*What you are asked to do:*
Each line of the data must reappear exactly in your answer, with no images included.
※ ※ ※
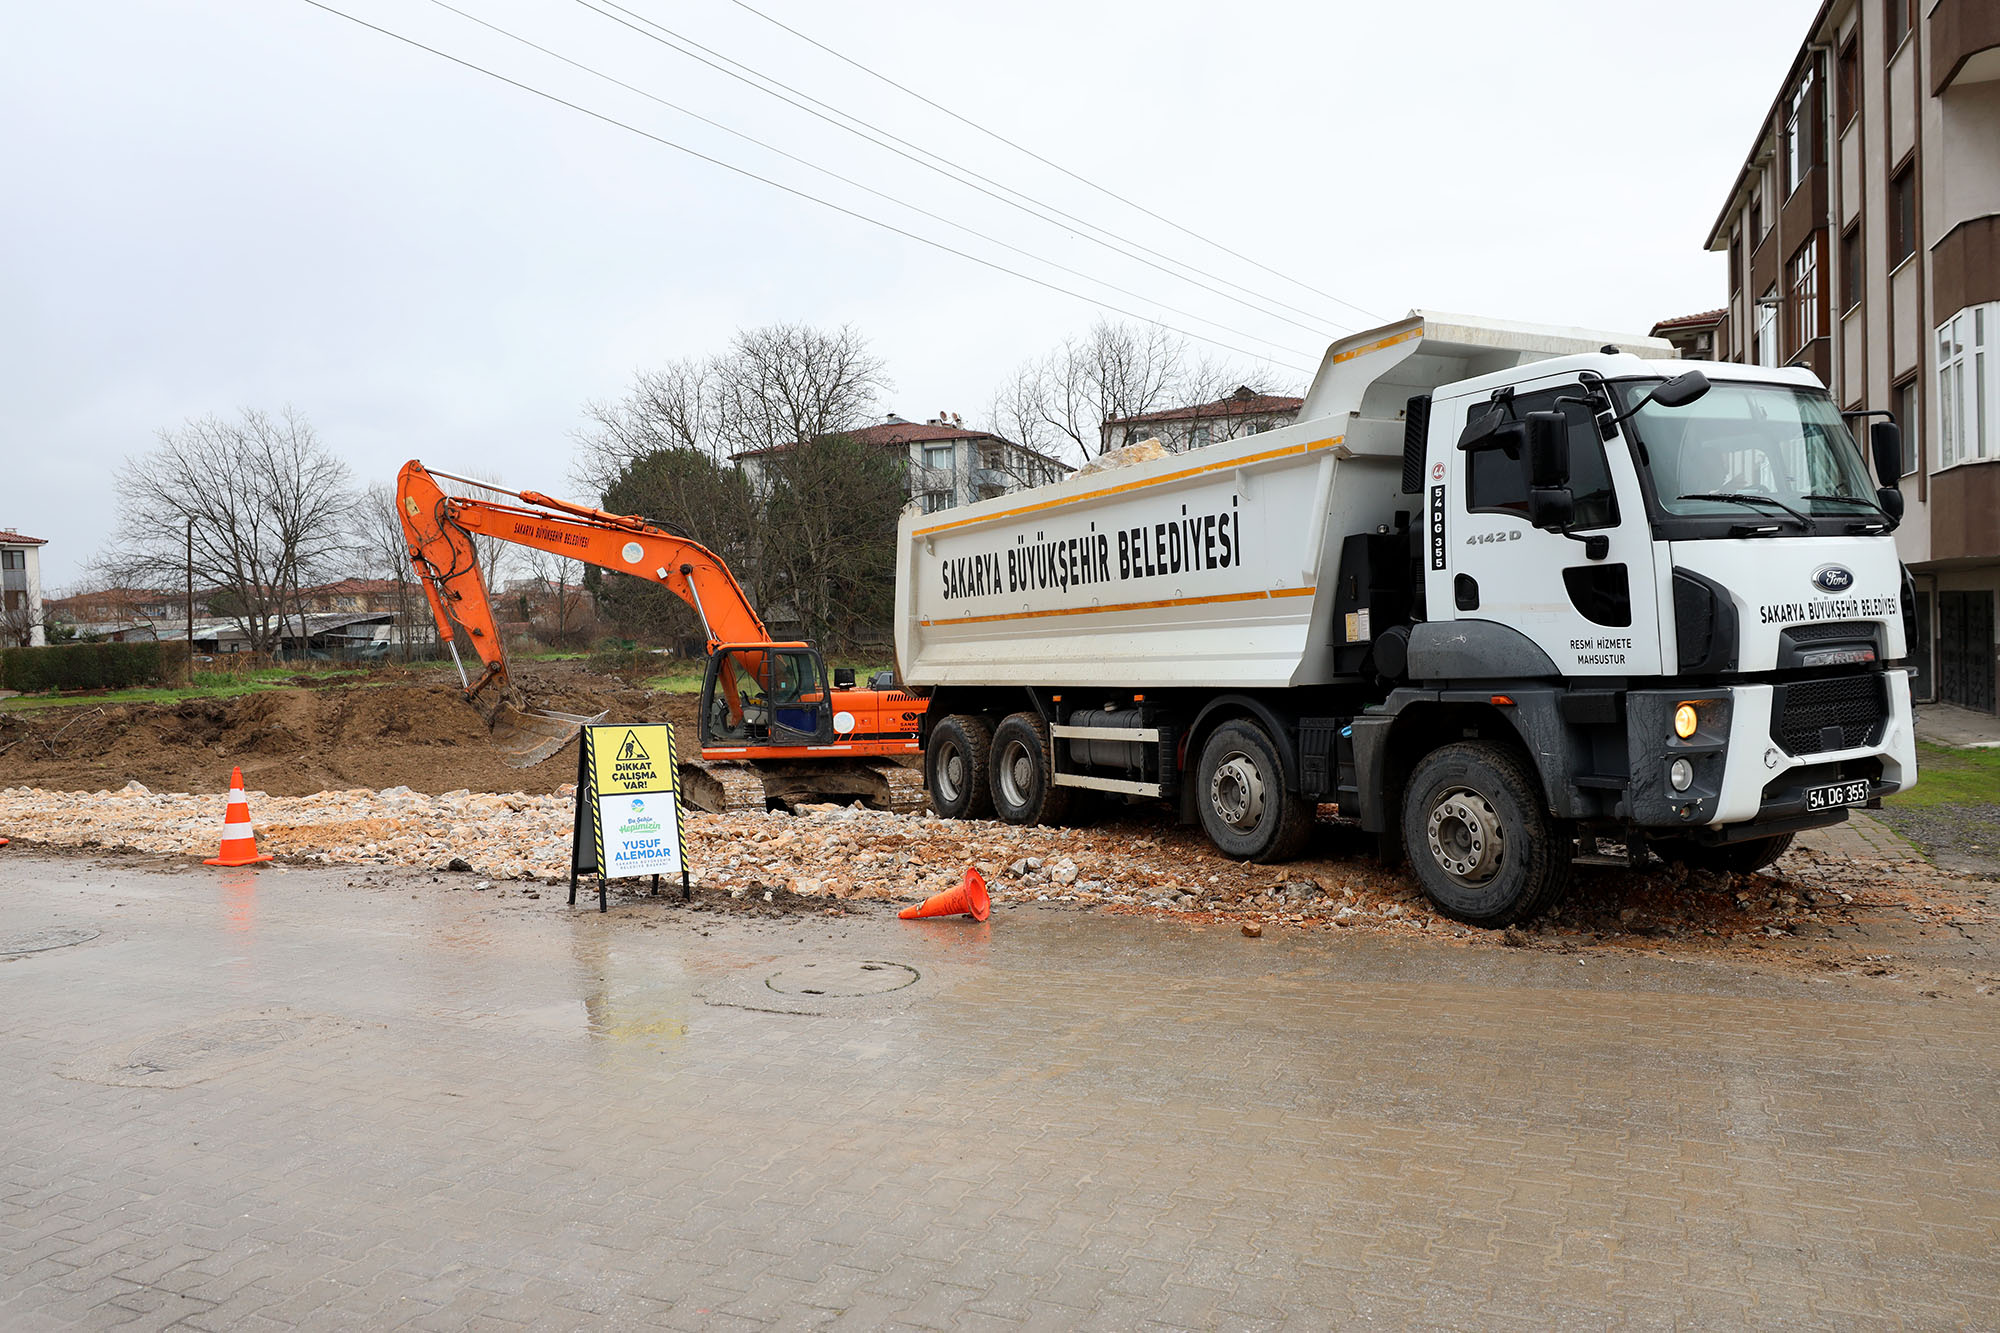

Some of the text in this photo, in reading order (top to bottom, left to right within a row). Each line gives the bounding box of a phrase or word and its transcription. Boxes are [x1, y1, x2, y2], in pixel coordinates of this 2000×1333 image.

[514, 522, 534, 536] SAKARYA
[1466, 530, 1522, 545] 4142 D
[942, 494, 1241, 600] SAKARYA BÜYÜKŞEHİR BELEDİYESİ
[1826, 570, 1848, 586] Ford
[1760, 593, 1897, 624] SAKARYA BÜYÜKŞEHİR BELEDİYESİ
[1570, 637, 1631, 649] RESMİ HİZMETE
[1577, 654, 1626, 664] MAHSUSTUR
[615, 762, 652, 771] DİKKAT
[612, 771, 657, 782] ÇALIŞMA
[623, 781, 648, 789] VAR!
[1810, 783, 1865, 807] 54 DG 355
[619, 821, 661, 833] Hepimizin
[622, 838, 661, 850] YUSUF
[615, 848, 671, 861] ALEMDAR
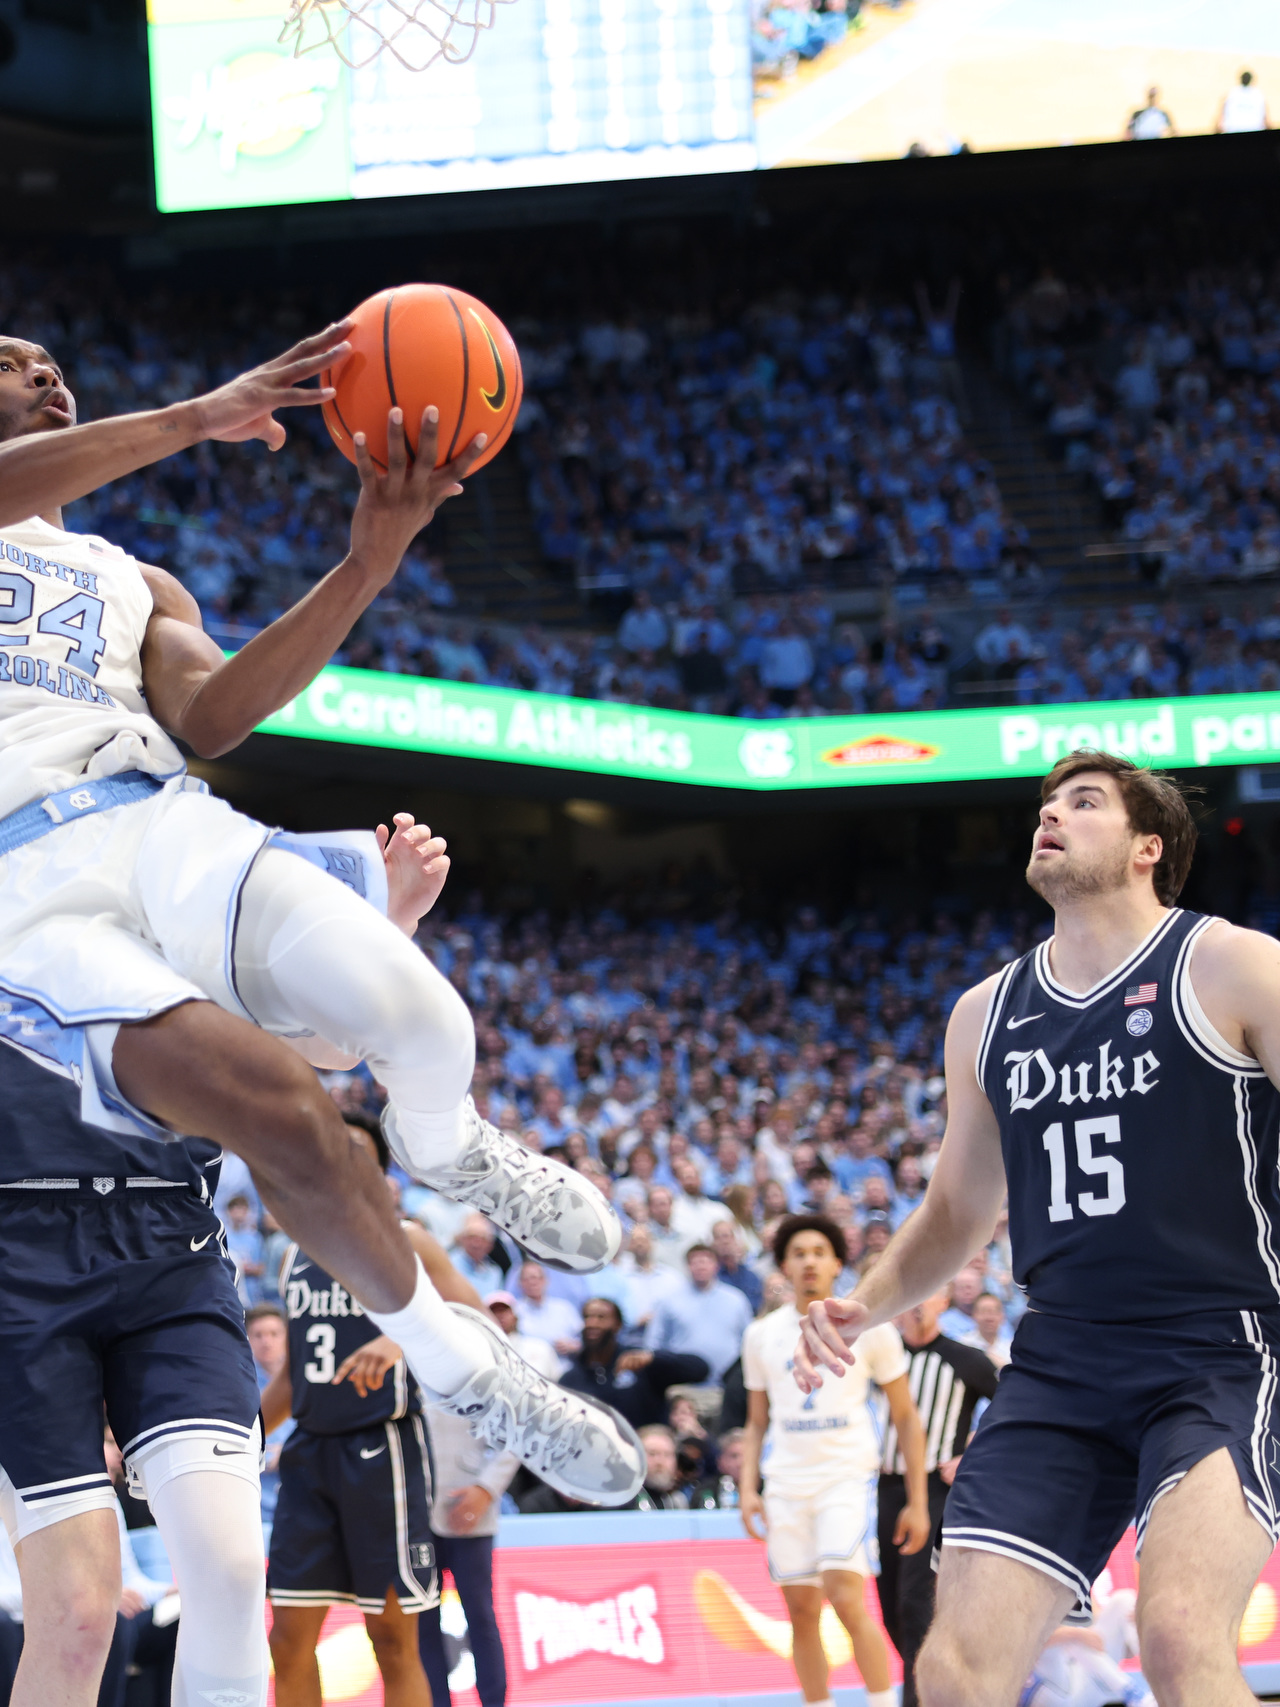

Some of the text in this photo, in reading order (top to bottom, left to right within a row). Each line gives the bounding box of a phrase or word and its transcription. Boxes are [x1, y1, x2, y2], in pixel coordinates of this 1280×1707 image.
※ ※ ※
*Result of this exercise:*
Some of the text in this photo, in reading order (top to bottom, left to right within a row). Each line gives the bounding box of a phrase or word and its transcription. Boxes are [x1, y1, x2, y2], in pixel coordinates of this 2000×1333 image.

[514, 522, 534, 536] SAKARYA
[1466, 530, 1522, 545] 4142 D
[942, 494, 1241, 600] SAKARYA BÜYÜKŞEHİR BELEDİYESİ
[1826, 570, 1848, 586] Ford
[1760, 593, 1897, 624] SAKARYA BÜYÜKŞEHİR BELEDİYESİ
[1570, 637, 1631, 649] RESMİ HİZMETE
[1577, 654, 1626, 664] MAHSUSTUR
[615, 762, 652, 771] DİKKAT
[612, 771, 657, 782] ÇALIŞMA
[623, 781, 648, 789] VAR!
[1810, 783, 1865, 807] 54 DG 355
[619, 821, 661, 833] Hepimizin
[622, 838, 661, 850] YUSUF
[615, 848, 671, 861] ALEMDAR

Some of the text in this photo, in reading order (top to bottom, left to right within a row). Each line gives the bounding box of a phrase or word and its transcription. Boxes are [x1, y1, x2, y2], in pixel coordinates of this 1280×1707 image.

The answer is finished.